A transferência de recursos dos fundos estaduais para o caixa do estado faz parte do pacote do Governo que envolvia a desvinculação de 15 fundos, discutida pela Casa. No entanto, nove deles não foram incluídos na regra. A emenda também estabelece uma desvinculação menor para os fundos de Polícia Militar e dos Bombeiros (Funespom e Funesbom), que terão no máximo 20% de desvinculação, e também exclui da base de cálculo o valor descontado dos contracheques de policiais e bombeiros que são destinados a esses fundos.

Outro fundo com regra diferenciada é o de Controle Ambiental (Fecam), que poderá ter uma desvinculação maior, de até 50%. Os demais fundos que estavam incluídos no pacote do Executivo serão desvinculados em até 30%. São eles: de Recursos Hídricos (Fundrhi), de Apoio a Programas de Proteção ao Consumidor (Feprocon), Penitenciário (Fuesp), e de Segurança Pública e Desenvolvimento Social (Fised). Além destes, outros fundos que não estavam na proposta inicial do Governo também poderão ser desvinculados, como o Fundo Especial de Administração Fazendária (FAF).

Segundo o presidente do Comitê de Bacia Lagos São João, que abrange 12 municípios da Região dos Lagos e da Baixada Litorânea, Leandro Coutinho, a emenda afeta as políticas públicas em andamento.

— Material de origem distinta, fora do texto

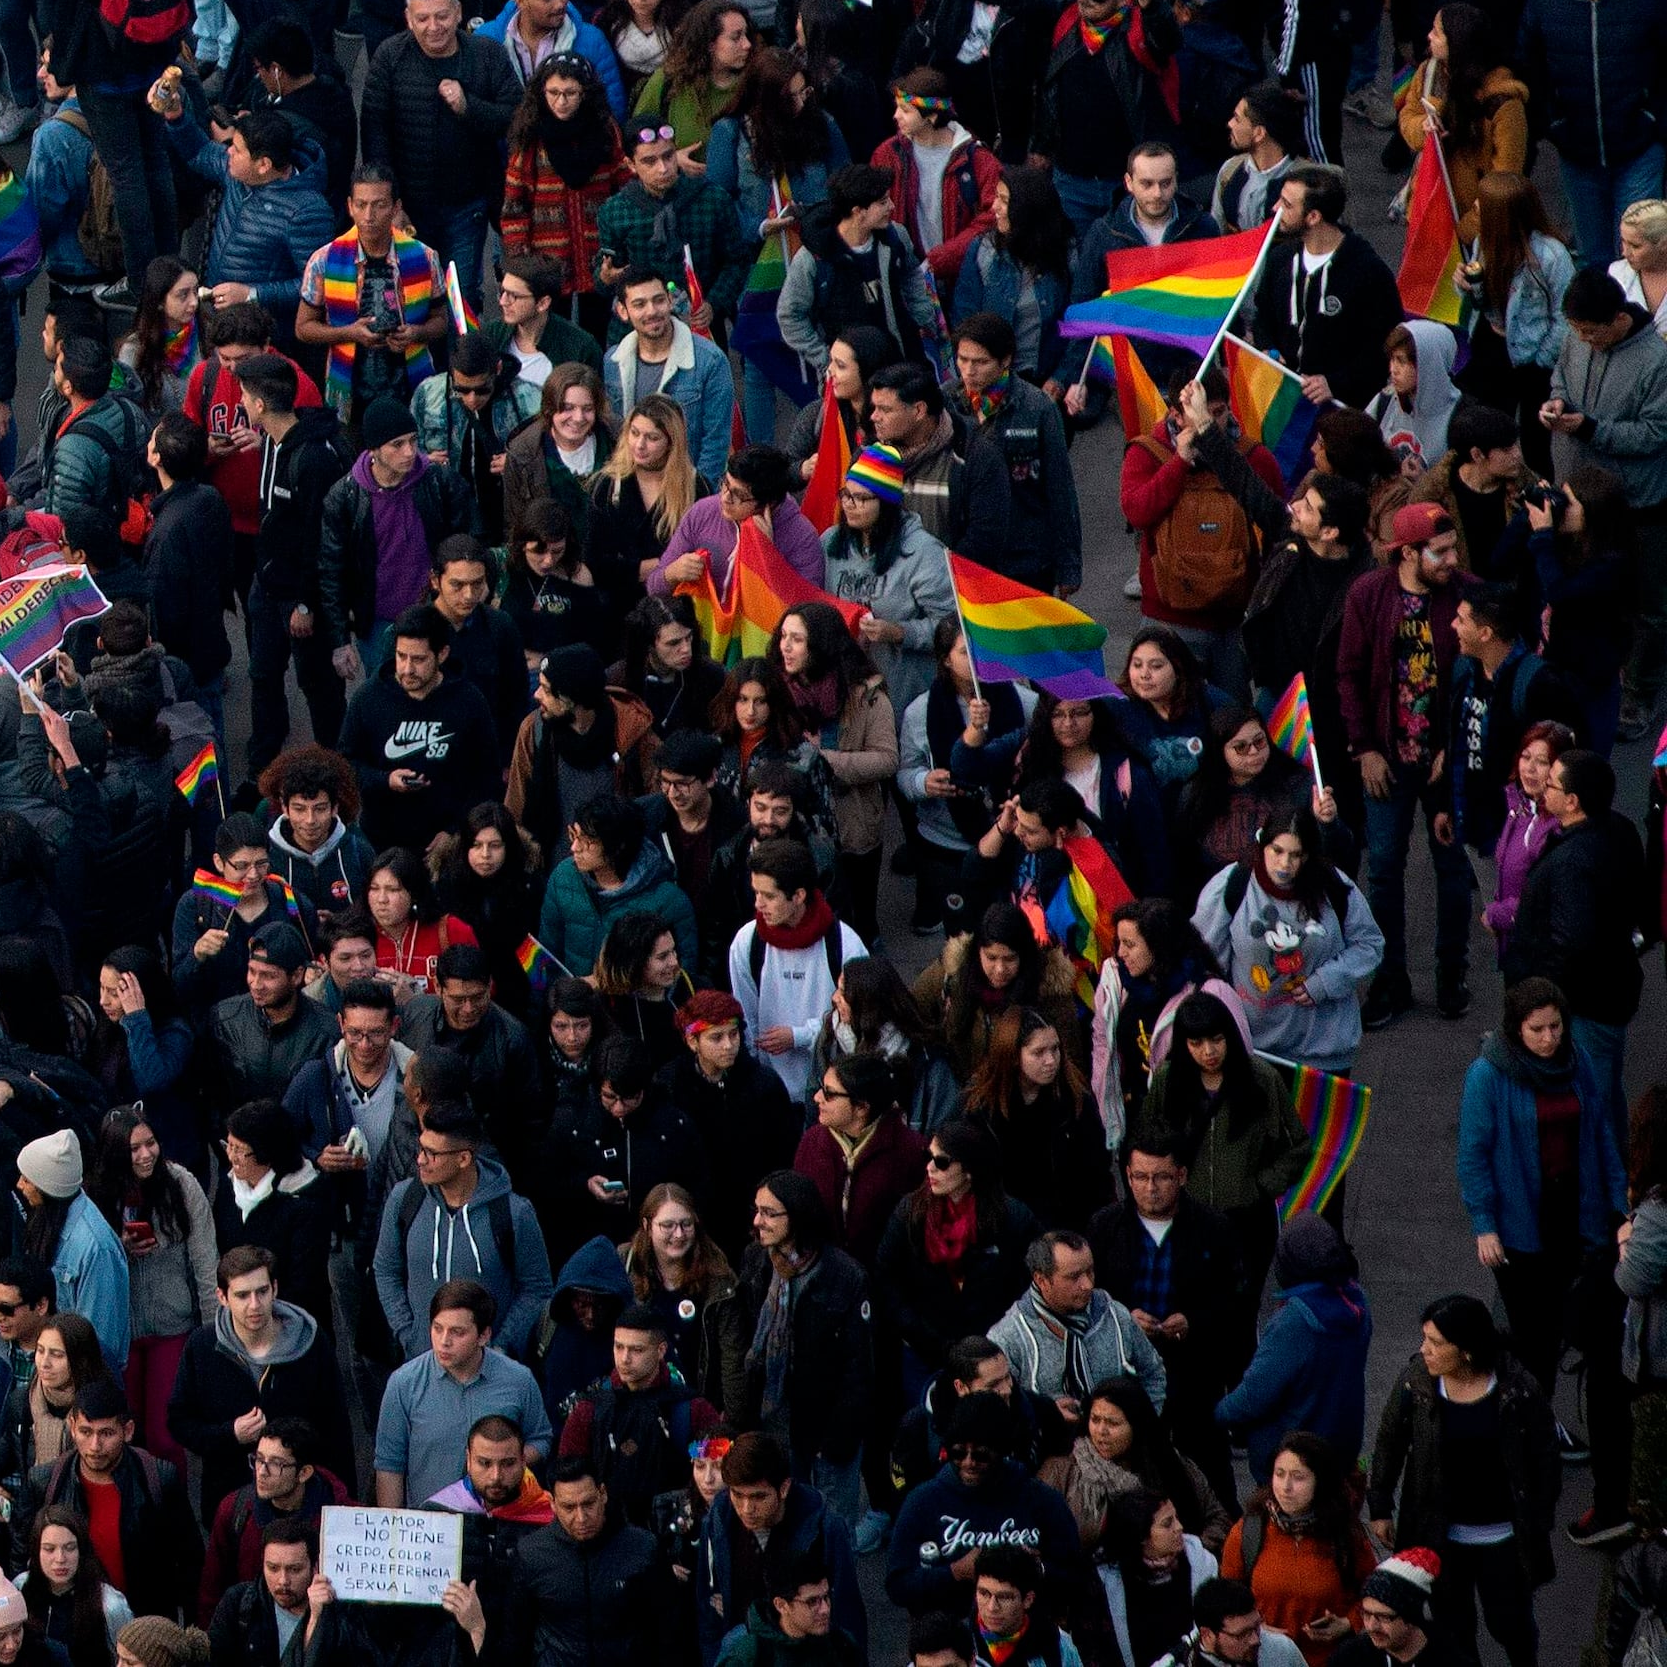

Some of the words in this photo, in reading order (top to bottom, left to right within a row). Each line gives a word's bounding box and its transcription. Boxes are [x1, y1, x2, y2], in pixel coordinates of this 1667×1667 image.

“Isso compromete todas as ações dos Comitês, principalmente porque o Estado do Rio é uma referência em gestão de recursos hídricos. A retirada de recursos vai complicar muito os Comitês e vai afetar todos os projetos”, explica.

Segundo Adriana Saad, secretária executiva do Consórcio Intermunicipal Lagos São João, com a aprovação da lei o dinheiro destinado para a gestão das águas e do saneamento poderá ser usado em qualquer outra área, até mesmo em pagamento de funcionários do governo. Isso fere todos os princípios legais apontados pelo Conselho Estadual de Recursos Hídricos.

Em todos os casos, os recursos desvinculados serão depositados no caixa do Governo do Estado para uso em outras finalidades, como pagamento de servidores. A desvinculação não incidirá sobre recursos provenientes de Termo de Ajustamento de Conduta (TAC) firmados no âmbito das ações do Fecam e do Fundrhi.

“Para os cofres do governo, serão até R$ 900 milhões a mais para serem investidos na melhora da vida da população. Considero esse momento uma grande vitória, pois tenho certeza de que, com esses recursos, conseguiremos avançar muito em políticas públicas”, destacou o líder do governo na Alerj, deputado Márcio Pacheco (PSC).